*** Opening of DATA LISTING ***

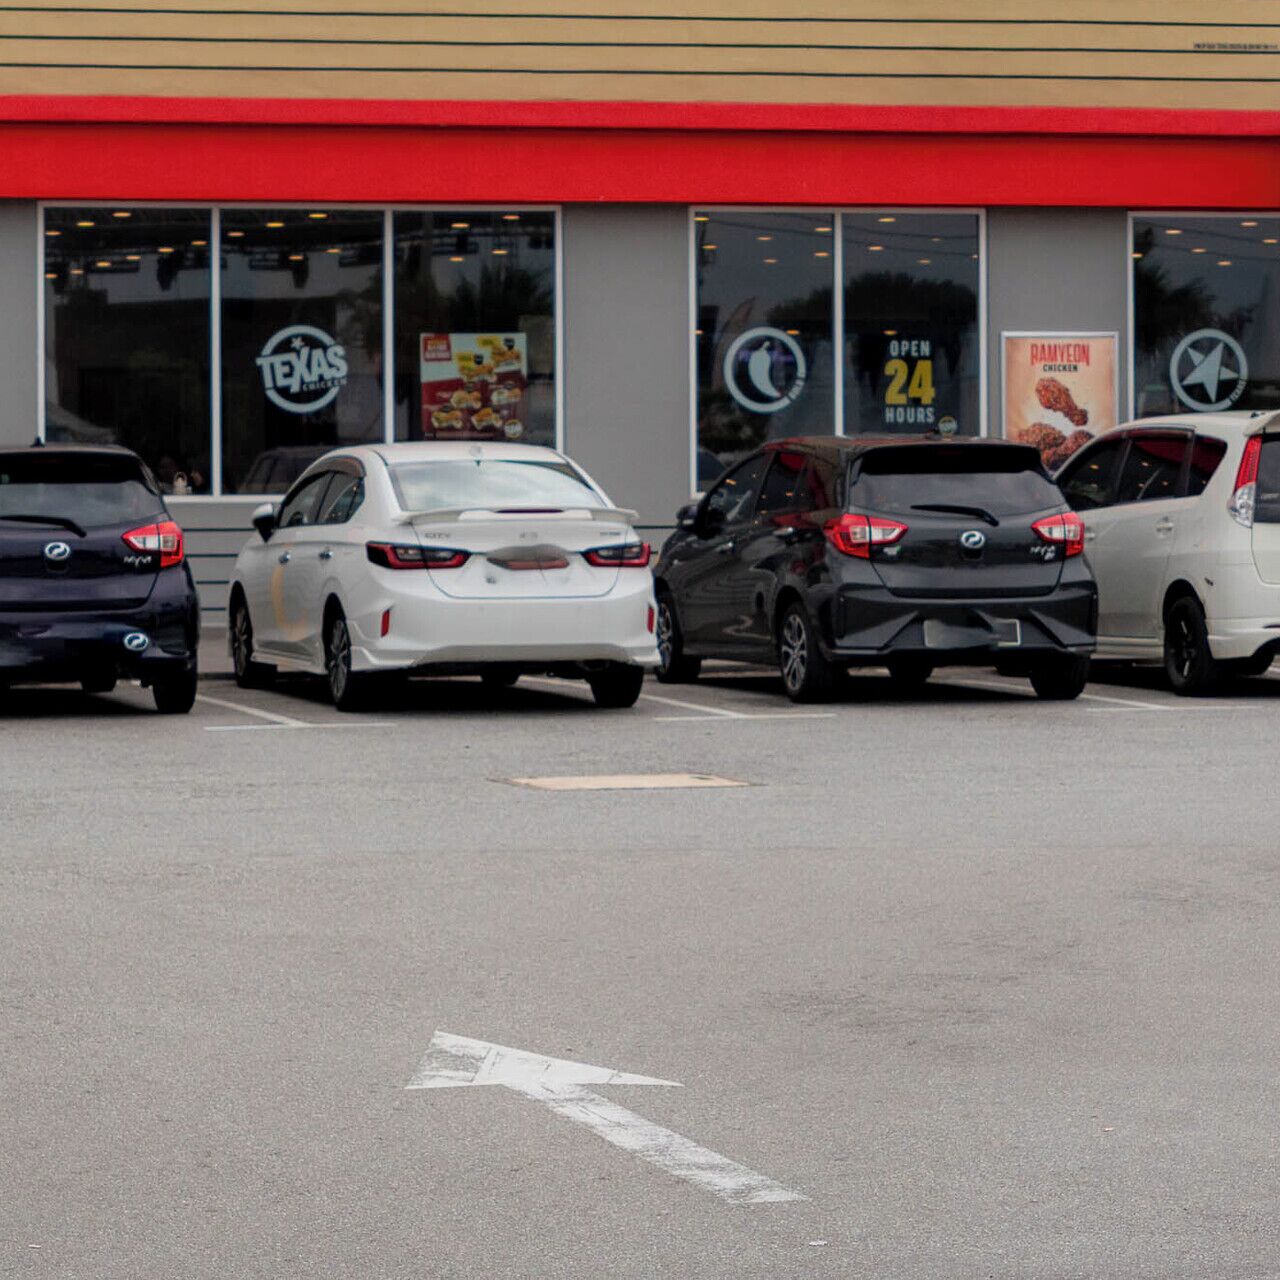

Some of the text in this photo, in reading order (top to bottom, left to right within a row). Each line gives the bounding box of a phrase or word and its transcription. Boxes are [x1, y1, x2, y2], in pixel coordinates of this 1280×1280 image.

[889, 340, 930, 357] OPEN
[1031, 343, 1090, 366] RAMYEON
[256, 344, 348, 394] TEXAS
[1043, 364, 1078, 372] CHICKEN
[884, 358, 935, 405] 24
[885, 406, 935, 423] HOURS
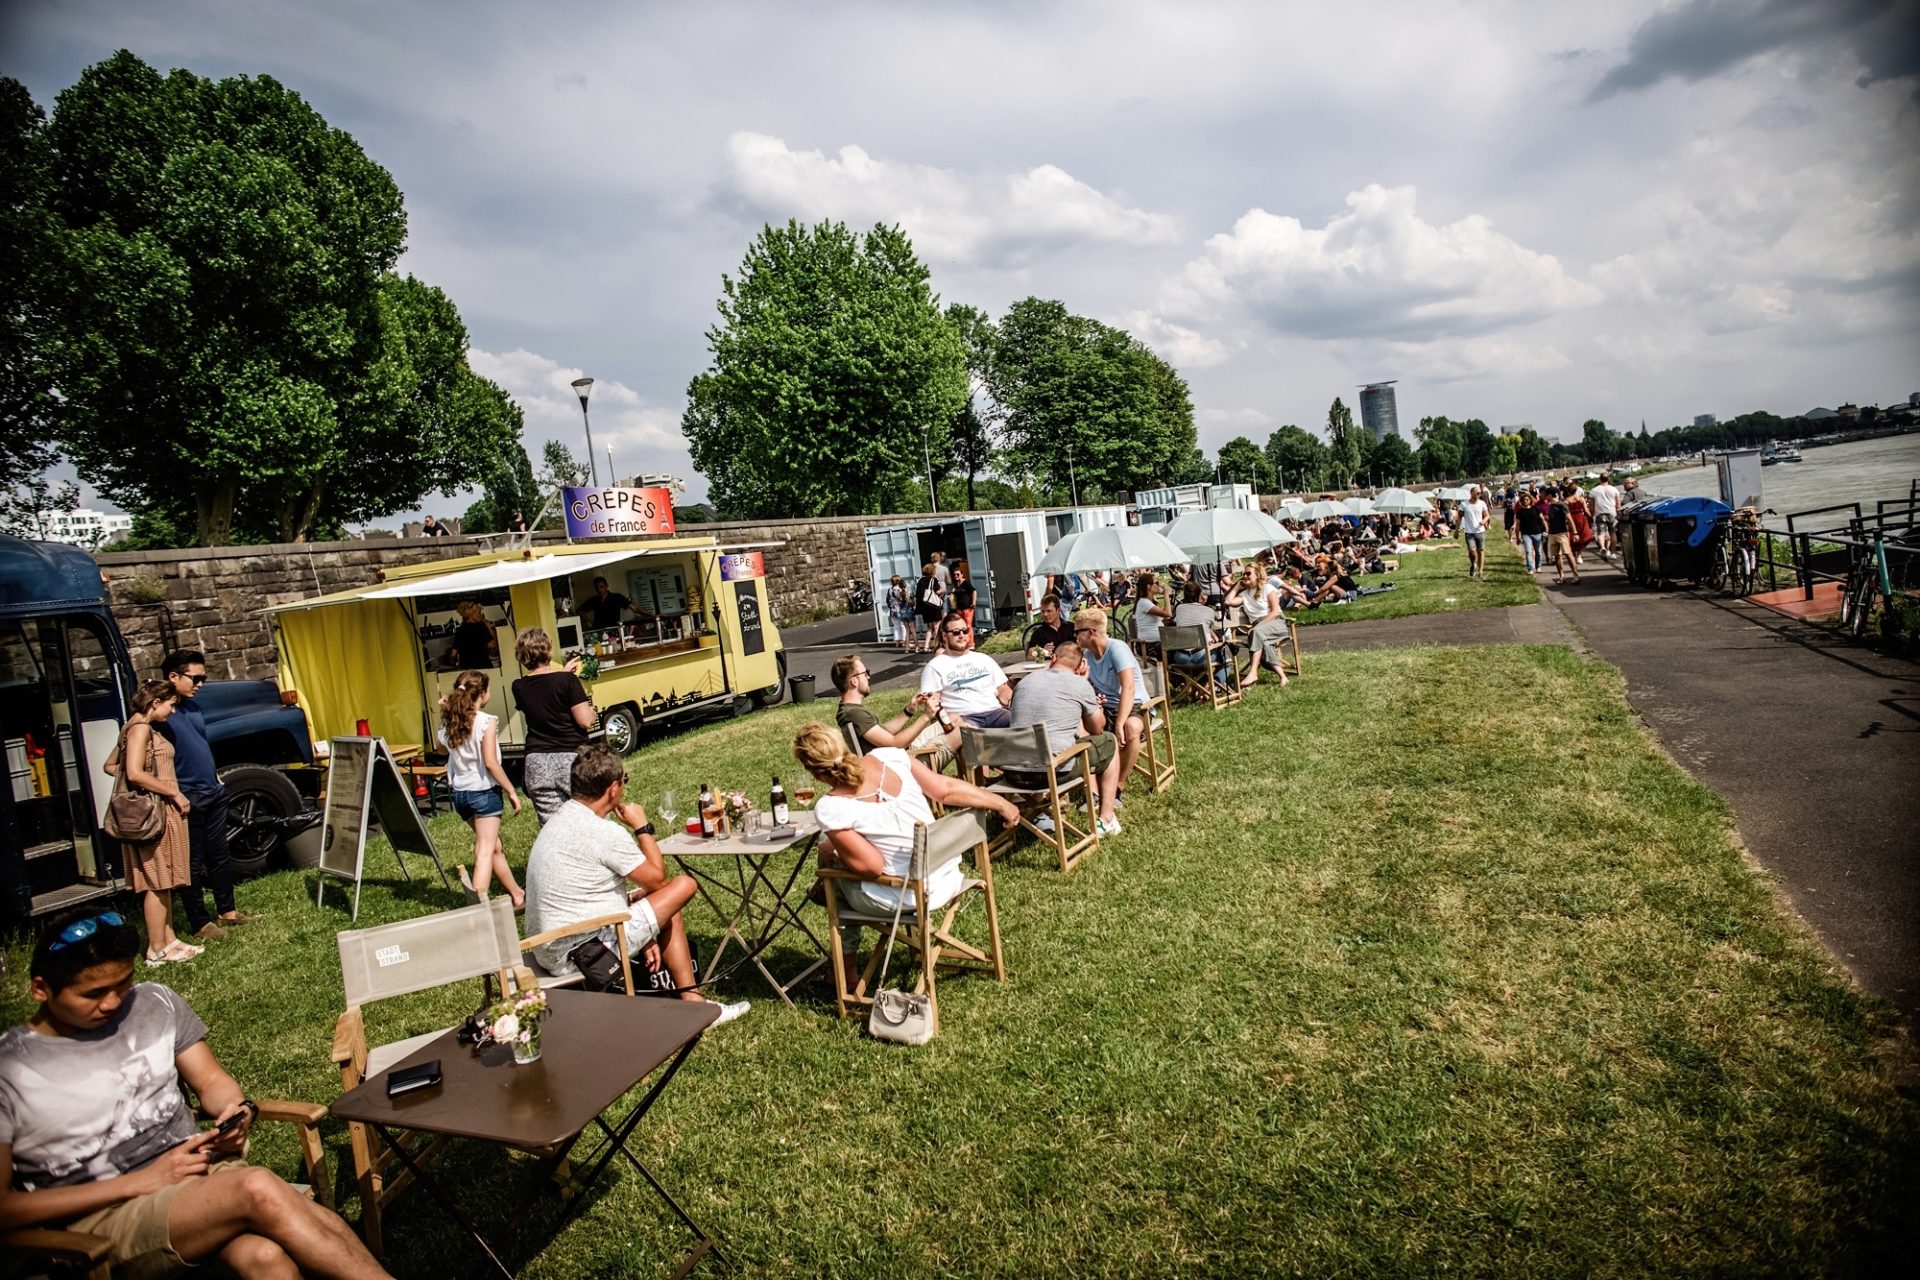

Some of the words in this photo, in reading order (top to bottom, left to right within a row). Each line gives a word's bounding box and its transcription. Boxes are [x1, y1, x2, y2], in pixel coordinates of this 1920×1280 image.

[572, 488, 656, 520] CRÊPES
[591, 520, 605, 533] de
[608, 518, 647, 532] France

*** Close of DATA LISTING ***

### BRIEF
What the reply must contain is an exact transcription of the data above and none of its pictures.

### ANSWER BELOW
Some of the text in this photo, in reading order (top to bottom, left to right within a row). Each line gives the bounding box of a phrase or word and its transcription. Boxes are [x1, y1, x2, y2], in pixel coordinates of this 1280×1280 image.

[889, 340, 930, 357] OPEN
[1031, 343, 1090, 366] RAMYEON
[256, 344, 348, 394] TEXAS
[1043, 364, 1078, 372] CHICKEN
[884, 358, 935, 405] 24
[885, 406, 935, 423] HOURS

Some of the words in this photo, in reading order (top to bottom, left to right within a row). Each line gives a word's bounding box and its transcription. Boxes are [x1, y1, x2, y2], in pixel coordinates of this 1920×1280 image.

[572, 488, 656, 520] CRÊPES
[591, 520, 605, 533] de
[608, 518, 647, 532] France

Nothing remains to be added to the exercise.